As the 2025 proxy season ends, public companies have had to navigate a more nuanced and demanding disclosure environment. New disclosure requirements, such as Item 402(x) of Regulation S-K, and increased scrutiny of—and changing views on—diversity, equity, and inclusion (DEI) presented new disclosure challenges in 2025. At the same time, executive compensation strategies faced increasing pressure to balance incentive alignment with transparency and governance accountability.

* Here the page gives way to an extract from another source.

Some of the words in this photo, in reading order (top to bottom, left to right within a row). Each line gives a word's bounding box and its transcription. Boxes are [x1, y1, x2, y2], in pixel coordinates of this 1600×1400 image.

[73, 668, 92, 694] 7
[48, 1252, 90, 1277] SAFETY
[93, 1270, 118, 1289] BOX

The 2025 proxy season was the first year that calendar-year filers were required to include Item 402(x) disclosure in their proxy statements. Item 402(x) includes both (1) narrative disclosure of a company’s policies and practices as to the timing of option and stock appreciation rights (SARs) awards in relation to the disclosure of material non-public information (MNPI) and (2) tabular disclosure if the company awarded options or SARs to a named executive officer within the period starting four business days before filing a periodic or current report that discloses MNPI and ending one business day thereafter.

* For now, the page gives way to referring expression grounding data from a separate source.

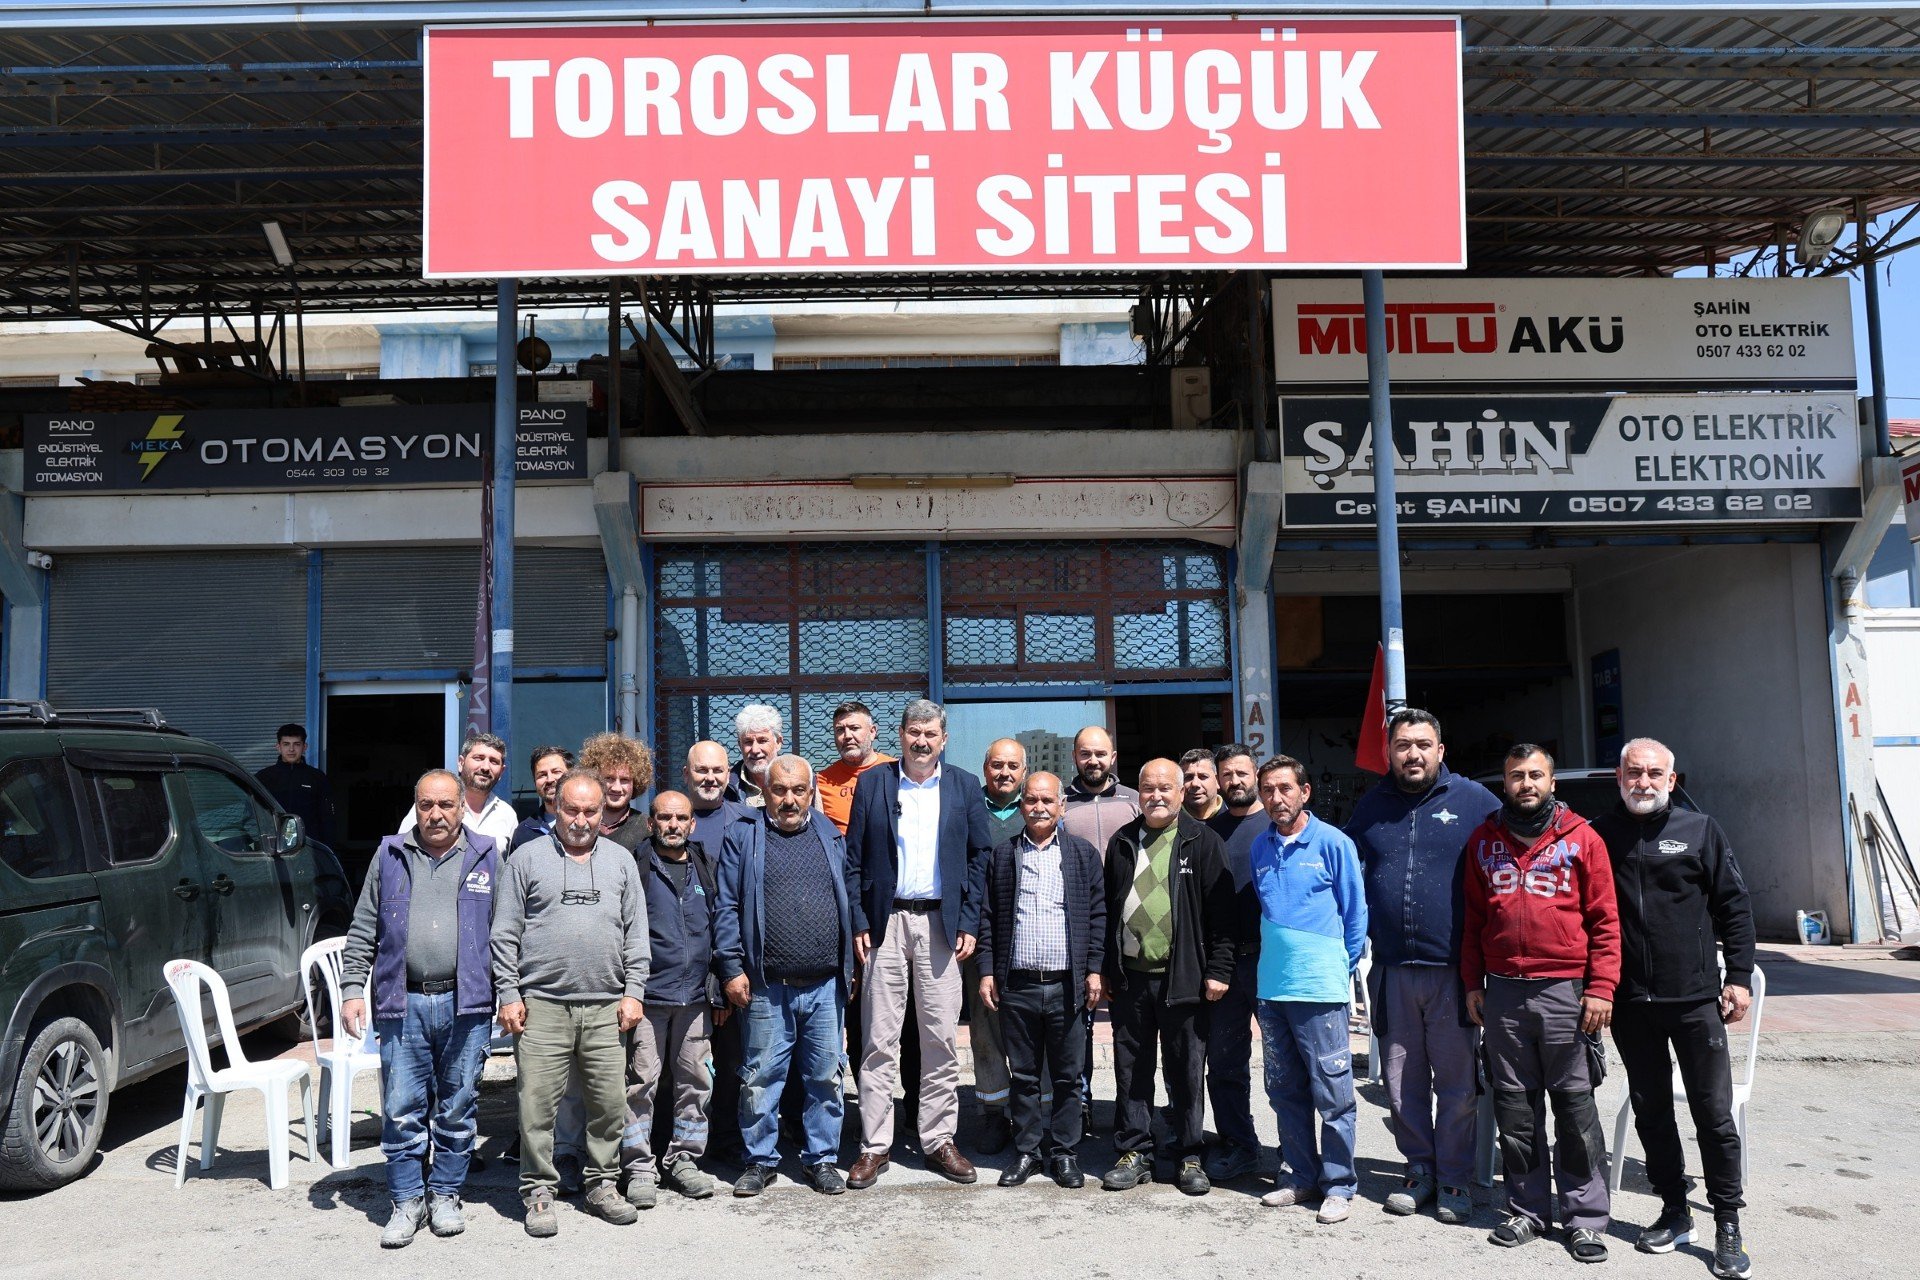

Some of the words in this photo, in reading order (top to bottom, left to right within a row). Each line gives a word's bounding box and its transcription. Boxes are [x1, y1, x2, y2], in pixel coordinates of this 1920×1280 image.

[492, 52, 1012, 138] TOROSLAR
[1049, 28, 1382, 154] KÜÇÜK
[590, 154, 936, 262] SANAYİ
[975, 152, 1288, 257] SİTESİ
[1693, 298, 1751, 318] ŞAHİN
[1297, 302, 1498, 354] MUTLU
[1508, 316, 1624, 354] AKÜ
[1695, 324, 1733, 338] OTO
[1738, 320, 1830, 337] ELEKTRİK
[1696, 345, 1731, 358] 0507
[1736, 345, 1762, 358] 433
[1766, 344, 1784, 357] 62
[1788, 344, 1806, 357] 02
[520, 409, 567, 420] PANO
[49, 420, 95, 432] PANO
[1618, 415, 1684, 442] OTO
[1693, 405, 1837, 441] ELEKTRİK
[515, 431, 575, 442] NDÜSTRİYEL
[37, 441, 103, 453] ENDÜSTRİYEL
[131, 440, 183, 451] MEKA
[200, 432, 481, 465] OTOMASYON
[517, 443, 568, 456] ELEKTRİK
[1303, 408, 1573, 487] ŞAHİN
[45, 454, 97, 467] ELEKTRİK
[515, 460, 575, 471] TOMASYON
[1635, 446, 1826, 482] ELEKTRONİK
[35, 472, 103, 483] OTOMASYON
[286, 469, 316, 478] 0544
[323, 468, 346, 477] 303
[352, 468, 368, 477] 09
[374, 467, 390, 476] 32
[1427, 494, 1521, 519] ŞAHİN
[1569, 496, 1646, 513] 0507
[1656, 495, 1715, 511] 433
[1725, 495, 1764, 510] 62
[1774, 494, 1813, 509] 02

While most companies did not need to include the tabular disclosure component of Item 402(x), we saw varying approaches with respect to the narrative disclosure requirement. Specifically, a company’s approach to the narrative disclosure depended on whether such company grants options and whether such company has a formal grant policy. While companies that grant options and have a formal policy simply described the material terms of their policies, companies that grant options and do not have formal policies used the disclosure to describe consistent grant practices and the typical cadence of grants.
For companies that do not grant options, companies either opted to include a “negative” disclosure simply stating that they do not grant options and therefore do not have a policy or used Item 402(x) to describe their grant policies and practices as they relate to other forms of equity (such as restricted stock units).
Following the US Court of Appeals for the Fifth Circuit’s vacating of the Nasdaq board diversity rules and the current US administration’s DEI executive orders, ISS updated its previously published 2025 voting guidelines to provide that it will no longer consider the gender and racial and/or ethnic diversity of a company’s board when making director election voting recommendations. While Glass Lewis did not revise its existing policy, it did release a statement to its clients that it has modified its approach to providing proxy voting guidance related to the consideration of diversity.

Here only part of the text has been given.